[Text-to-region grounding data]
= Beginning of Section =

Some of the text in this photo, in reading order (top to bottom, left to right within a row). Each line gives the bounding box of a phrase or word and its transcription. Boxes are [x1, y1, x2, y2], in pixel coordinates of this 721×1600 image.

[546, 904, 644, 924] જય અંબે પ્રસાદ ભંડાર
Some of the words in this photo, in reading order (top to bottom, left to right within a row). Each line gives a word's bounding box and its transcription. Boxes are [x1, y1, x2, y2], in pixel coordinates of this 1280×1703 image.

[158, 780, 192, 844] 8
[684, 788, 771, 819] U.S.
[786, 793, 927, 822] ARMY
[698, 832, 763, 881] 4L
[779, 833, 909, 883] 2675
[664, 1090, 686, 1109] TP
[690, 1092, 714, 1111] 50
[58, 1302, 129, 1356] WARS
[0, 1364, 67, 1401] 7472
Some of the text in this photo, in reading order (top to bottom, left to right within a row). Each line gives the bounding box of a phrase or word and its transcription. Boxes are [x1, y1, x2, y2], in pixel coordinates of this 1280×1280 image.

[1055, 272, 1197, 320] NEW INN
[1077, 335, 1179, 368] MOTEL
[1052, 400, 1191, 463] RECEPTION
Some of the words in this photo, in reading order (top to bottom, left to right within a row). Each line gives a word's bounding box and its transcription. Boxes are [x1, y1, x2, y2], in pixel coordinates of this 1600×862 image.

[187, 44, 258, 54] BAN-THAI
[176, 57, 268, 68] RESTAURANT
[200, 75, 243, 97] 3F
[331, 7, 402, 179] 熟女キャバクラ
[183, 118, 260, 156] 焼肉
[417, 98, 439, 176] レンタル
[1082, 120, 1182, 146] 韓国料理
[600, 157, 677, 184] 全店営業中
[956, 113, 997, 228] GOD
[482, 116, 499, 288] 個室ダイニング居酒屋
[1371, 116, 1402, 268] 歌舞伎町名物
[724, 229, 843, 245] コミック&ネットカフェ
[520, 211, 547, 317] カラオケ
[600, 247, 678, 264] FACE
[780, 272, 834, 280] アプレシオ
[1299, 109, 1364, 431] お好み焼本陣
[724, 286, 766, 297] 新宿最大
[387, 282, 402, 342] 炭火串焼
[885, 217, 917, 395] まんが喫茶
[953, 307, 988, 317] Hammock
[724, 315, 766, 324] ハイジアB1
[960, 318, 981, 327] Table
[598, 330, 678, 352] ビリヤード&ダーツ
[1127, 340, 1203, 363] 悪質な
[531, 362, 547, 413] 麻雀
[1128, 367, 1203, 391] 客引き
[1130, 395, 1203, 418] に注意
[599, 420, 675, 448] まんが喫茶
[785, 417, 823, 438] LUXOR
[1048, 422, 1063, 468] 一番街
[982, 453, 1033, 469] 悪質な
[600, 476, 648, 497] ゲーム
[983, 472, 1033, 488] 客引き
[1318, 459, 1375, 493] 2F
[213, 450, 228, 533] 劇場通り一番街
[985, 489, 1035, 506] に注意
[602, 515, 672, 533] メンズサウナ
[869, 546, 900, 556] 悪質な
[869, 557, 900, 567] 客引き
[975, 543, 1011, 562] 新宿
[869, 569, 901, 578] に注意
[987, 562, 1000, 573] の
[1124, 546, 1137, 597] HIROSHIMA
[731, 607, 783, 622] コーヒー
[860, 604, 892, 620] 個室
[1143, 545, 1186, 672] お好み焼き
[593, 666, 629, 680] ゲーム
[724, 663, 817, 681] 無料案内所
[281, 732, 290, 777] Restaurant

= End of Section =

Exercise requirements
Your reply should consist of the records, duplicated exactly.

Task solution
Some of the text in this photo, in reading order (top to bottom, left to right within a row). Each line gives the bounding box of a phrase or word and its transcription. Boxes are [x1, y1, x2, y2], in pixel coordinates of this 721×1600 image.

[546, 904, 644, 924] જય અંબે પ્રસાદ ભંડાર
Some of the words in this photo, in reading order (top to bottom, left to right within a row). Each line gives a word's bounding box and its transcription. Boxes are [x1, y1, x2, y2], in pixel coordinates of this 1280×1703 image.

[158, 780, 192, 844] 8
[684, 788, 771, 819] U.S.
[786, 793, 927, 822] ARMY
[698, 832, 763, 881] 4L
[779, 833, 909, 883] 2675
[664, 1090, 686, 1109] TP
[690, 1092, 714, 1111] 50
[58, 1302, 129, 1356] WARS
[0, 1364, 67, 1401] 7472
Some of the text in this photo, in reading order (top to bottom, left to right within a row). Each line gives the bounding box of a phrase or word and its transcription. Boxes are [x1, y1, x2, y2], in pixel coordinates of this 1280×1280 image.

[1055, 272, 1197, 320] NEW INN
[1077, 335, 1179, 368] MOTEL
[1052, 400, 1191, 463] RECEPTION
Some of the words in this photo, in reading order (top to bottom, left to right within a row). Each line gives a word's bounding box and its transcription. Boxes are [x1, y1, x2, y2], in pixel coordinates of this 1600×862 image.

[187, 44, 258, 54] BAN-THAI
[176, 57, 268, 68] RESTAURANT
[200, 75, 243, 97] 3F
[331, 7, 402, 179] 熟女キャバクラ
[183, 118, 260, 156] 焼肉
[417, 98, 439, 176] レンタル
[1082, 120, 1182, 146] 韓国料理
[600, 157, 677, 184] 全店営業中
[956, 113, 997, 228] GOD
[482, 116, 499, 288] 個室ダイニング居酒屋
[1371, 116, 1402, 268] 歌舞伎町名物
[724, 229, 843, 245] コミック&ネットカフェ
[520, 211, 547, 317] カラオケ
[600, 247, 678, 264] FACE
[780, 272, 834, 280] アプレシオ
[1299, 109, 1364, 431] お好み焼本陣
[724, 286, 766, 297] 新宿最大
[387, 282, 402, 342] 炭火串焼
[885, 217, 917, 395] まんが喫茶
[953, 307, 988, 317] Hammock
[724, 315, 766, 324] ハイジアB1
[960, 318, 981, 327] Table
[598, 330, 678, 352] ビリヤード&ダーツ
[1127, 340, 1203, 363] 悪質な
[531, 362, 547, 413] 麻雀
[1128, 367, 1203, 391] 客引き
[1130, 395, 1203, 418] に注意
[599, 420, 675, 448] まんが喫茶
[785, 417, 823, 438] LUXOR
[1048, 422, 1063, 468] 一番街
[982, 453, 1033, 469] 悪質な
[600, 476, 648, 497] ゲーム
[983, 472, 1033, 488] 客引き
[1318, 459, 1375, 493] 2F
[213, 450, 228, 533] 劇場通り一番街
[985, 489, 1035, 506] に注意
[602, 515, 672, 533] メンズサウナ
[869, 546, 900, 556] 悪質な
[869, 557, 900, 567] 客引き
[975, 543, 1011, 562] 新宿
[869, 569, 901, 578] に注意
[987, 562, 1000, 573] の
[1124, 546, 1137, 597] HIROSHIMA
[731, 607, 783, 622] コーヒー
[860, 604, 892, 620] 個室
[1143, 545, 1186, 672] お好み焼き
[593, 666, 629, 680] ゲーム
[724, 663, 817, 681] 無料案内所
[281, 732, 290, 777] Restaurant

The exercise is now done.